<<<<
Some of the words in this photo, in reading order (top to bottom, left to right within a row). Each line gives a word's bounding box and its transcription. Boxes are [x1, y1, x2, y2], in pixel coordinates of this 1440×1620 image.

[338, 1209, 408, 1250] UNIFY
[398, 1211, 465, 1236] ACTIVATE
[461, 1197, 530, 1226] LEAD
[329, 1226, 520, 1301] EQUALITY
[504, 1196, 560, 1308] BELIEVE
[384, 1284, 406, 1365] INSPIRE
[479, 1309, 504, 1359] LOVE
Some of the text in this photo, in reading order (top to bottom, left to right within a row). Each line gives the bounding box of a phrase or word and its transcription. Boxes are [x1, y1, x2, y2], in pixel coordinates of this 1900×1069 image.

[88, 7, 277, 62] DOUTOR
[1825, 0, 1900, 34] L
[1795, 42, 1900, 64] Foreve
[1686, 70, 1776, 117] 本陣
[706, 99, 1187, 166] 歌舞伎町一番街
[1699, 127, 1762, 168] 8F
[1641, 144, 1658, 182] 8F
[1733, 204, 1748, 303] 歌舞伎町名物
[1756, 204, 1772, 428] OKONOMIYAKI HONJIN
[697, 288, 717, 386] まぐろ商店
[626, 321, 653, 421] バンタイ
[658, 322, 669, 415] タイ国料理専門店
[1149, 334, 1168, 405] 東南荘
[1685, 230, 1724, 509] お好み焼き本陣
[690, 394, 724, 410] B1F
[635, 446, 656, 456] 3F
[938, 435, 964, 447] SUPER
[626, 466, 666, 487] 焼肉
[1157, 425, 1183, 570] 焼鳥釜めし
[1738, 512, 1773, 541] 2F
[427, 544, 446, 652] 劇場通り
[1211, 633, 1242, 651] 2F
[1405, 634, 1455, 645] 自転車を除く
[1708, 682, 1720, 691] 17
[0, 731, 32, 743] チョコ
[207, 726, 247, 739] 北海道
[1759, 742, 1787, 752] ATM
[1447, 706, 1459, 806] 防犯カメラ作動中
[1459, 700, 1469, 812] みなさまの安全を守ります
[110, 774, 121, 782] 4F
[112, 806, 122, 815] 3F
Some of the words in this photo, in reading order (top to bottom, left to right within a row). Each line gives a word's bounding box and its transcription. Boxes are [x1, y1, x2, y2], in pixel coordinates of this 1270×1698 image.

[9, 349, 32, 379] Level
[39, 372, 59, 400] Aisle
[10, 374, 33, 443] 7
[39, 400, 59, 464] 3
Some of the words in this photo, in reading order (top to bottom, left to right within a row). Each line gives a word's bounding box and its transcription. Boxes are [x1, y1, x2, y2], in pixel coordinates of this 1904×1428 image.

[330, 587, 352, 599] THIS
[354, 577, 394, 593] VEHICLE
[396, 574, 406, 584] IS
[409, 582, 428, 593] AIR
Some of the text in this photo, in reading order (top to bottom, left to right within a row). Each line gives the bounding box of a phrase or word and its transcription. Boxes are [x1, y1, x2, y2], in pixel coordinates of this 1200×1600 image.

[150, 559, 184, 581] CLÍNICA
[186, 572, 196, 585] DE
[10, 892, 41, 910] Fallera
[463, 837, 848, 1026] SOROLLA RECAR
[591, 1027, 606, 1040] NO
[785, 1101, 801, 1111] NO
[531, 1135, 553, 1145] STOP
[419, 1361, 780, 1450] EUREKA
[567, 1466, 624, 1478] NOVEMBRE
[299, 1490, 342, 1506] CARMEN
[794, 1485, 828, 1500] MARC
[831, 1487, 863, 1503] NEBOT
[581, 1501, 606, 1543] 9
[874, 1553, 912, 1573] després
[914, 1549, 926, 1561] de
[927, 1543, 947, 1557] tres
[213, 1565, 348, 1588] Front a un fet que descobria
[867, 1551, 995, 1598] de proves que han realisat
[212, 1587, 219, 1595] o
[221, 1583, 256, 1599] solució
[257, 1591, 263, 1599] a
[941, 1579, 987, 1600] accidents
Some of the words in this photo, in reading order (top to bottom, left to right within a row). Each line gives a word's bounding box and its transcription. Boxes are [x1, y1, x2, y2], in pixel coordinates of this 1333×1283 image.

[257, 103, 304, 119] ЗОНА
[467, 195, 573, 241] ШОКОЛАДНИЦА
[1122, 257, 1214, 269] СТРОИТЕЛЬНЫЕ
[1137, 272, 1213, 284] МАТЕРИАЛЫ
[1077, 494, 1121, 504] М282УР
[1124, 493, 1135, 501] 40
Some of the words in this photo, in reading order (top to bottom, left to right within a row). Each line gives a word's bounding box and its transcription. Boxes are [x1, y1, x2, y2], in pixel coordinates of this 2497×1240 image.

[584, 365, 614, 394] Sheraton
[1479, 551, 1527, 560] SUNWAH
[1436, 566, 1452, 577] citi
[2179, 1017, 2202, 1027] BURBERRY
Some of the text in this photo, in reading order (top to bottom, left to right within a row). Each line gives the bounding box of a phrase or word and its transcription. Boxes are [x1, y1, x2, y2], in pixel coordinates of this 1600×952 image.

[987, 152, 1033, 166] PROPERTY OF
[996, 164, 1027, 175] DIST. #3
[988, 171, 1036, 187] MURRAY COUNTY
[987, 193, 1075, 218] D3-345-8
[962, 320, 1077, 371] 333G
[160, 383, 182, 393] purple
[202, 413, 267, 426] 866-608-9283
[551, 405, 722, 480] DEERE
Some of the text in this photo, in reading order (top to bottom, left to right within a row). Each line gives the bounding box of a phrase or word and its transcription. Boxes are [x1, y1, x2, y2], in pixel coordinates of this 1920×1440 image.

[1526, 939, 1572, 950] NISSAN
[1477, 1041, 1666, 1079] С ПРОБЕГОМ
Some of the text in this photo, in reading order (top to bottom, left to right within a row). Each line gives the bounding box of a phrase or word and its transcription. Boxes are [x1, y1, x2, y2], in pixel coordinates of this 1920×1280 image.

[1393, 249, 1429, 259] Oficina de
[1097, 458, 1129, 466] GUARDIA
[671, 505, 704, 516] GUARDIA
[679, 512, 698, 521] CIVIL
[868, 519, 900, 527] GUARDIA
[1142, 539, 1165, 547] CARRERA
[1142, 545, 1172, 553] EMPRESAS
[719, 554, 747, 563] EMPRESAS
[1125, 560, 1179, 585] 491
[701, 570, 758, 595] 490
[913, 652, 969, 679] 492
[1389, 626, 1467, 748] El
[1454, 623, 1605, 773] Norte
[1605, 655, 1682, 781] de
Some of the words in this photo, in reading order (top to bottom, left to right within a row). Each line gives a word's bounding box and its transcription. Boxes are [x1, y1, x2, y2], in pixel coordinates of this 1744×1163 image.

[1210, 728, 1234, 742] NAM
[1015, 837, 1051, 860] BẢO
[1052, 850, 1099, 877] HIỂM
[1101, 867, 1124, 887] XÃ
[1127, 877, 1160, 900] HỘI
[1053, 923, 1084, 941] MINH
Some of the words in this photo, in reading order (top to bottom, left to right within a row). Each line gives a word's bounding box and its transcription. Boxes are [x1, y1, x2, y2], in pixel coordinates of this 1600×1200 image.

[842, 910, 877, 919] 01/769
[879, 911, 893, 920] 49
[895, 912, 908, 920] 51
>>>>
## Exercise description
Output each entry precisely as given.

## Answer space
Some of the words in this photo, in reading order (top to bottom, left to right within a row). Each line gives a word's bounding box and its transcription. Boxes are [x1, y1, x2, y2], in pixel coordinates of this 1440×1620 image.

[338, 1209, 408, 1250] UNIFY
[398, 1211, 465, 1236] ACTIVATE
[461, 1197, 530, 1226] LEAD
[329, 1226, 520, 1301] EQUALITY
[504, 1196, 560, 1308] BELIEVE
[384, 1284, 406, 1365] INSPIRE
[479, 1309, 504, 1359] LOVE
Some of the text in this photo, in reading order (top to bottom, left to right within a row). Each line gives the bounding box of a phrase or word and its transcription. Boxes are [x1, y1, x2, y2], in pixel coordinates of this 1900×1069 image.

[88, 7, 277, 62] DOUTOR
[1825, 0, 1900, 34] L
[1795, 42, 1900, 64] Foreve
[1686, 70, 1776, 117] 本陣
[706, 99, 1187, 166] 歌舞伎町一番街
[1699, 127, 1762, 168] 8F
[1641, 144, 1658, 182] 8F
[1733, 204, 1748, 303] 歌舞伎町名物
[1756, 204, 1772, 428] OKONOMIYAKI HONJIN
[697, 288, 717, 386] まぐろ商店
[626, 321, 653, 421] バンタイ
[658, 322, 669, 415] タイ国料理専門店
[1149, 334, 1168, 405] 東南荘
[1685, 230, 1724, 509] お好み焼き本陣
[690, 394, 724, 410] B1F
[635, 446, 656, 456] 3F
[938, 435, 964, 447] SUPER
[626, 466, 666, 487] 焼肉
[1157, 425, 1183, 570] 焼鳥釜めし
[1738, 512, 1773, 541] 2F
[427, 544, 446, 652] 劇場通り
[1211, 633, 1242, 651] 2F
[1405, 634, 1455, 645] 自転車を除く
[1708, 682, 1720, 691] 17
[0, 731, 32, 743] チョコ
[207, 726, 247, 739] 北海道
[1759, 742, 1787, 752] ATM
[1447, 706, 1459, 806] 防犯カメラ作動中
[1459, 700, 1469, 812] みなさまの安全を守ります
[110, 774, 121, 782] 4F
[112, 806, 122, 815] 3F
Some of the words in this photo, in reading order (top to bottom, left to right within a row). Each line gives a word's bounding box and its transcription. Boxes are [x1, y1, x2, y2], in pixel coordinates of this 1270×1698 image.

[9, 349, 32, 379] Level
[39, 372, 59, 400] Aisle
[10, 374, 33, 443] 7
[39, 400, 59, 464] 3
Some of the words in this photo, in reading order (top to bottom, left to right within a row). Each line gives a word's bounding box and its transcription. Boxes are [x1, y1, x2, y2], in pixel coordinates of this 1904×1428 image.

[330, 587, 352, 599] THIS
[354, 577, 394, 593] VEHICLE
[396, 574, 406, 584] IS
[409, 582, 428, 593] AIR
Some of the text in this photo, in reading order (top to bottom, left to right within a row). Each line gives the bounding box of a phrase or word and its transcription. Boxes are [x1, y1, x2, y2], in pixel coordinates of this 1200×1600 image.

[150, 559, 184, 581] CLÍNICA
[186, 572, 196, 585] DE
[10, 892, 41, 910] Fallera
[463, 837, 848, 1026] SOROLLA RECAR
[591, 1027, 606, 1040] NO
[785, 1101, 801, 1111] NO
[531, 1135, 553, 1145] STOP
[419, 1361, 780, 1450] EUREKA
[567, 1466, 624, 1478] NOVEMBRE
[299, 1490, 342, 1506] CARMEN
[794, 1485, 828, 1500] MARC
[831, 1487, 863, 1503] NEBOT
[581, 1501, 606, 1543] 9
[874, 1553, 912, 1573] després
[914, 1549, 926, 1561] de
[927, 1543, 947, 1557] tres
[213, 1565, 348, 1588] Front a un fet que descobria
[867, 1551, 995, 1598] de proves que han realisat
[212, 1587, 219, 1595] o
[221, 1583, 256, 1599] solució
[257, 1591, 263, 1599] a
[941, 1579, 987, 1600] accidents
Some of the words in this photo, in reading order (top to bottom, left to right within a row). Each line gives a word's bounding box and its transcription. Boxes are [x1, y1, x2, y2], in pixel coordinates of this 1333×1283 image.

[257, 103, 304, 119] ЗОНА
[467, 195, 573, 241] ШОКОЛАДНИЦА
[1122, 257, 1214, 269] СТРОИТЕЛЬНЫЕ
[1137, 272, 1213, 284] МАТЕРИАЛЫ
[1077, 494, 1121, 504] М282УР
[1124, 493, 1135, 501] 40
Some of the words in this photo, in reading order (top to bottom, left to right within a row). Each line gives a word's bounding box and its transcription. Boxes are [x1, y1, x2, y2], in pixel coordinates of this 2497×1240 image.

[584, 365, 614, 394] Sheraton
[1479, 551, 1527, 560] SUNWAH
[1436, 566, 1452, 577] citi
[2179, 1017, 2202, 1027] BURBERRY
Some of the text in this photo, in reading order (top to bottom, left to right within a row). Each line gives the bounding box of a phrase or word and its transcription. Boxes are [x1, y1, x2, y2], in pixel coordinates of this 1600×952 image.

[987, 152, 1033, 166] PROPERTY OF
[996, 164, 1027, 175] DIST. #3
[988, 171, 1036, 187] MURRAY COUNTY
[987, 193, 1075, 218] D3-345-8
[962, 320, 1077, 371] 333G
[160, 383, 182, 393] purple
[202, 413, 267, 426] 866-608-9283
[551, 405, 722, 480] DEERE
Some of the text in this photo, in reading order (top to bottom, left to right within a row). Each line gives the bounding box of a phrase or word and its transcription. Boxes are [x1, y1, x2, y2], in pixel coordinates of this 1920×1440 image.

[1526, 939, 1572, 950] NISSAN
[1477, 1041, 1666, 1079] С ПРОБЕГОМ
Some of the text in this photo, in reading order (top to bottom, left to right within a row). Each line gives the bounding box of a phrase or word and its transcription. Boxes are [x1, y1, x2, y2], in pixel coordinates of this 1920×1280 image.

[1393, 249, 1429, 259] Oficina de
[1097, 458, 1129, 466] GUARDIA
[671, 505, 704, 516] GUARDIA
[679, 512, 698, 521] CIVIL
[868, 519, 900, 527] GUARDIA
[1142, 539, 1165, 547] CARRERA
[1142, 545, 1172, 553] EMPRESAS
[719, 554, 747, 563] EMPRESAS
[1125, 560, 1179, 585] 491
[701, 570, 758, 595] 490
[913, 652, 969, 679] 492
[1389, 626, 1467, 748] El
[1454, 623, 1605, 773] Norte
[1605, 655, 1682, 781] de
Some of the words in this photo, in reading order (top to bottom, left to right within a row). Each line gives a word's bounding box and its transcription. Boxes are [x1, y1, x2, y2], in pixel coordinates of this 1744×1163 image.

[1210, 728, 1234, 742] NAM
[1015, 837, 1051, 860] BẢO
[1052, 850, 1099, 877] HIỂM
[1101, 867, 1124, 887] XÃ
[1127, 877, 1160, 900] HỘI
[1053, 923, 1084, 941] MINH
Some of the words in this photo, in reading order (top to bottom, left to right within a row). Each line gives a word's bounding box and its transcription. Boxes are [x1, y1, x2, y2], in pixel coordinates of this 1600×1200 image.

[842, 910, 877, 919] 01/769
[879, 911, 893, 920] 49
[895, 912, 908, 920] 51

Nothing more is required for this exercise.